Task prompt: Exactly as written, return all the data, leaving its pictures behind.

Start of Records supplied

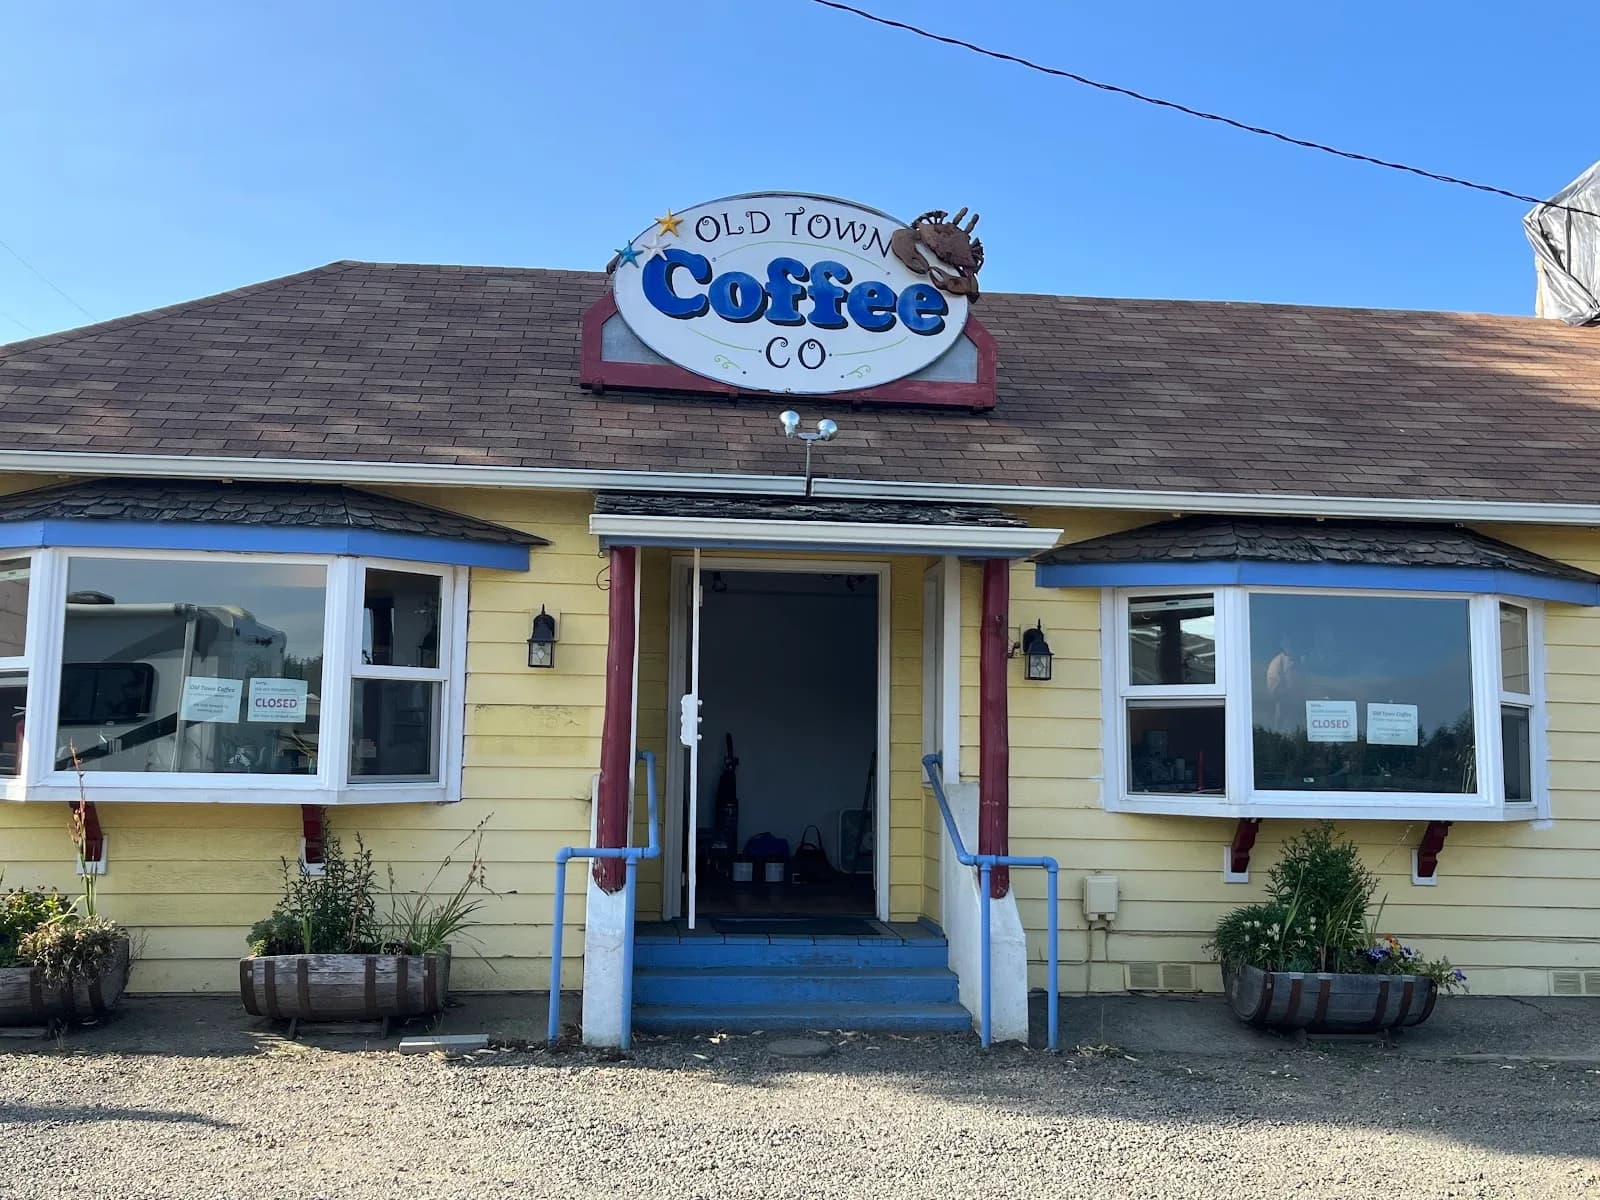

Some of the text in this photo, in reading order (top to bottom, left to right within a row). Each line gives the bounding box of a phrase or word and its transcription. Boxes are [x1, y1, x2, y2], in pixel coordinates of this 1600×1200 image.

[695, 206, 893, 258] OLD TOWN
[642, 248, 949, 336] Coffee
[765, 336, 826, 370] CO
[255, 698, 297, 708] CLOSED
[1311, 719, 1349, 729] CLOSED
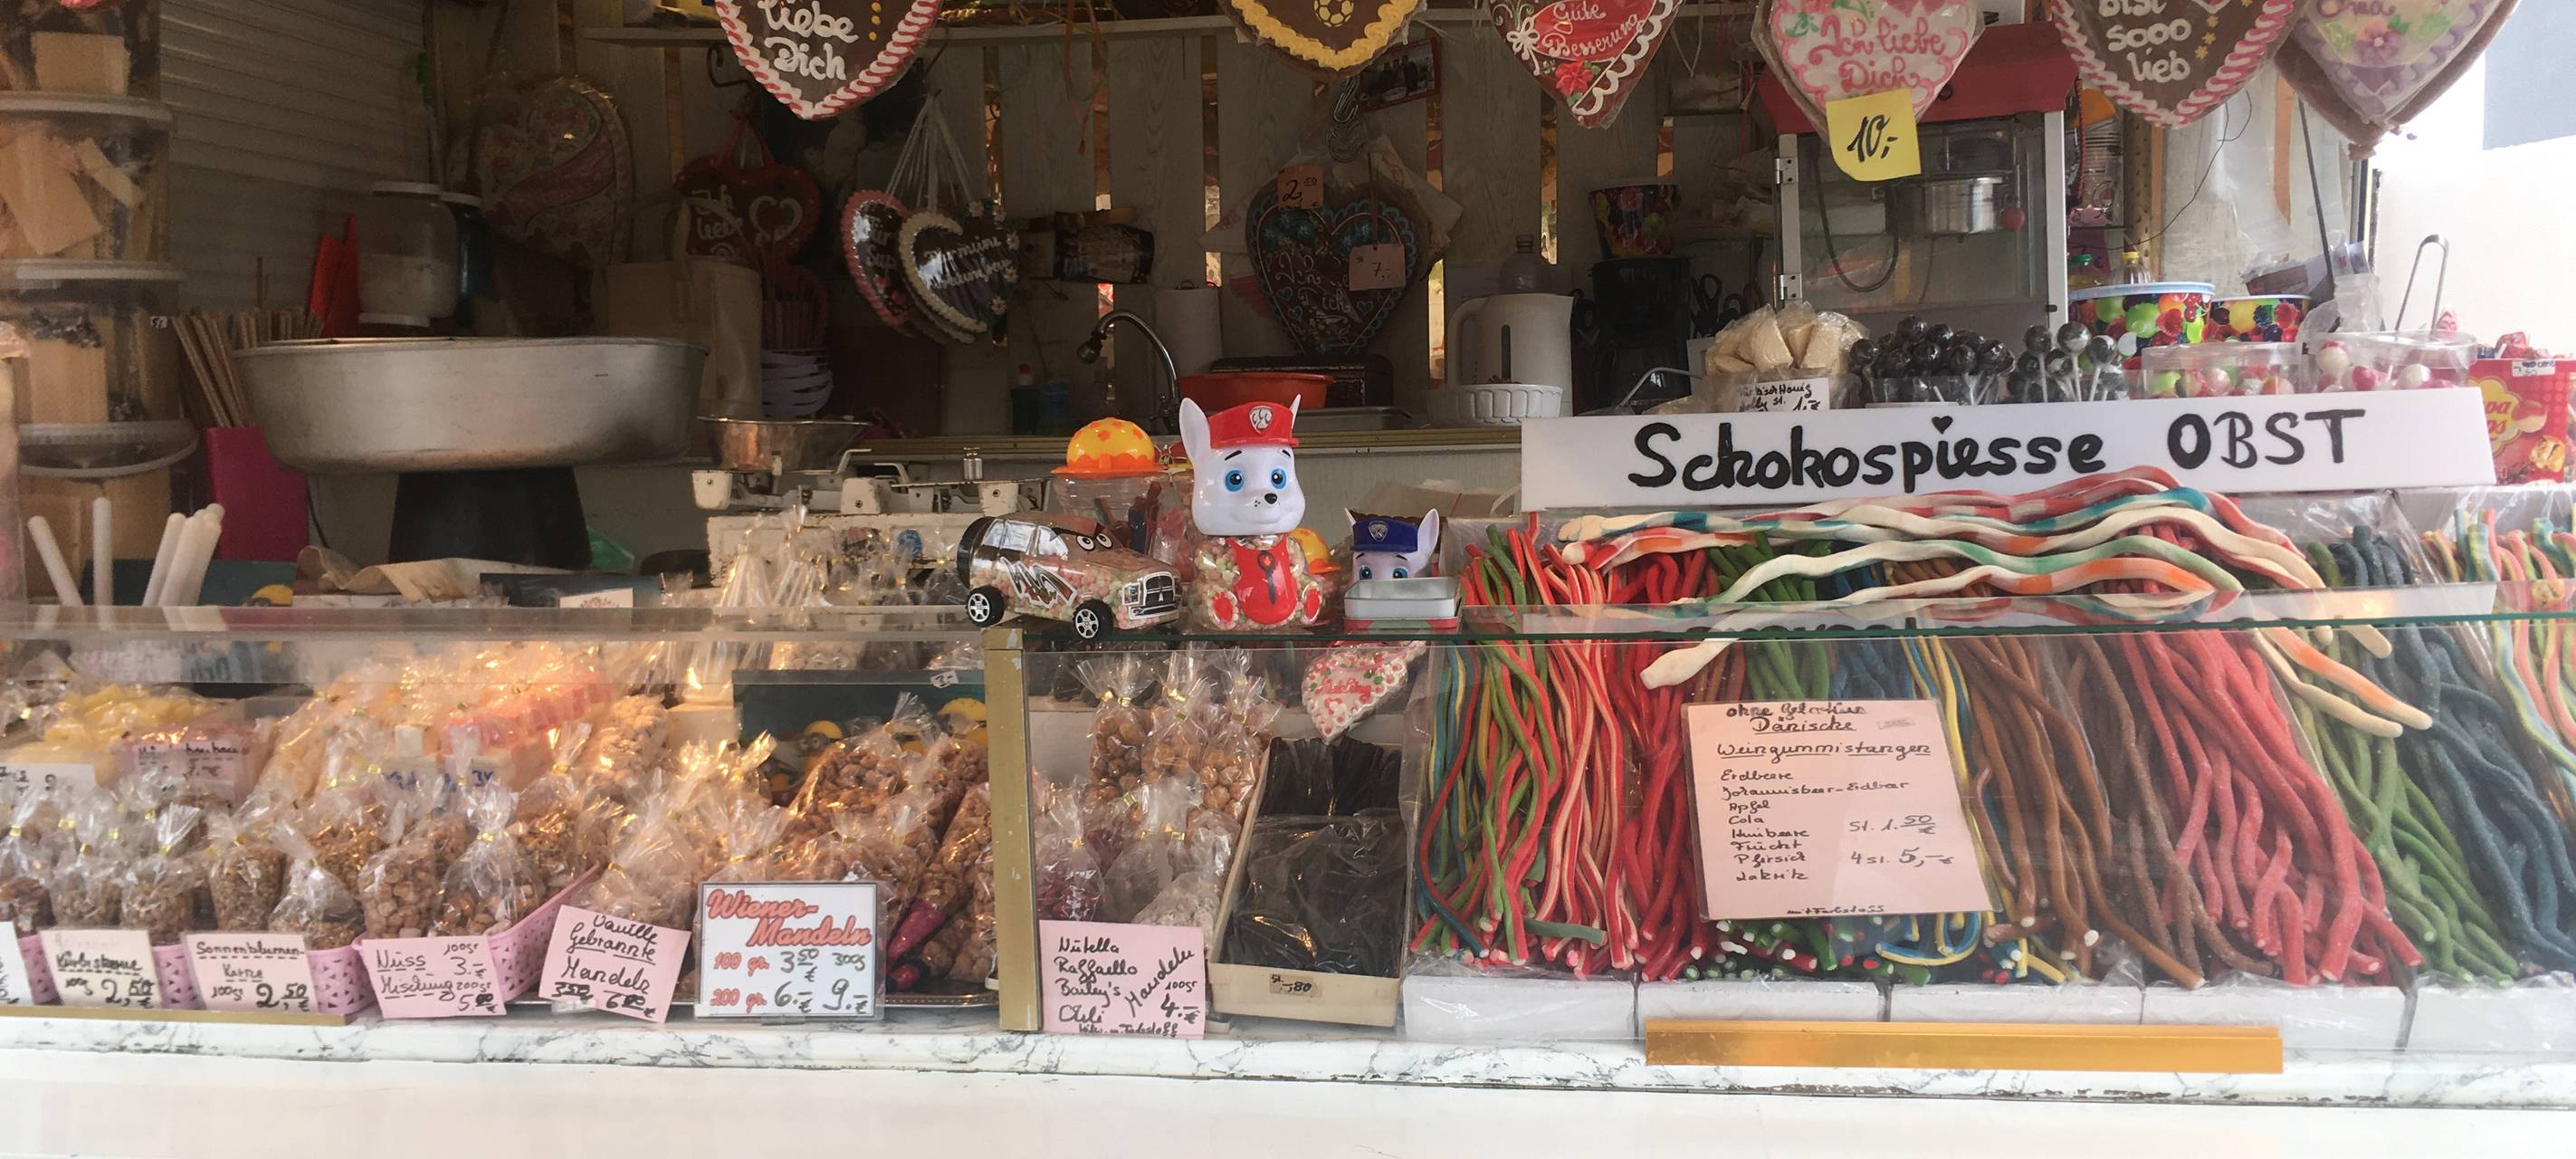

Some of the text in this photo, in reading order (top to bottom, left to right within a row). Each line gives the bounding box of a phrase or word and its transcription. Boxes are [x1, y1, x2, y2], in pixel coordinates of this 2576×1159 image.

End of Records supplied

Response area:
Some of the text in this photo, in reading order (top to bottom, left to right within a row). Each line gives the bounding box of a phrase or word and its transcription. Boxes are [x1, y1, x2, y2], in pixel coordinates of this 1600×1200 image.

[695, 206, 893, 258] OLD TOWN
[642, 248, 949, 336] Coffee
[765, 336, 826, 370] CO
[255, 698, 297, 708] CLOSED
[1311, 719, 1349, 729] CLOSED

Some of the text in this photo, in reading order (top to bottom, left to right within a row). Each line gives the bounding box of a phrase or word and its transcription. Boxes are [x1, y1, x2, y2], in pixel coordinates of this 2576×1159 image.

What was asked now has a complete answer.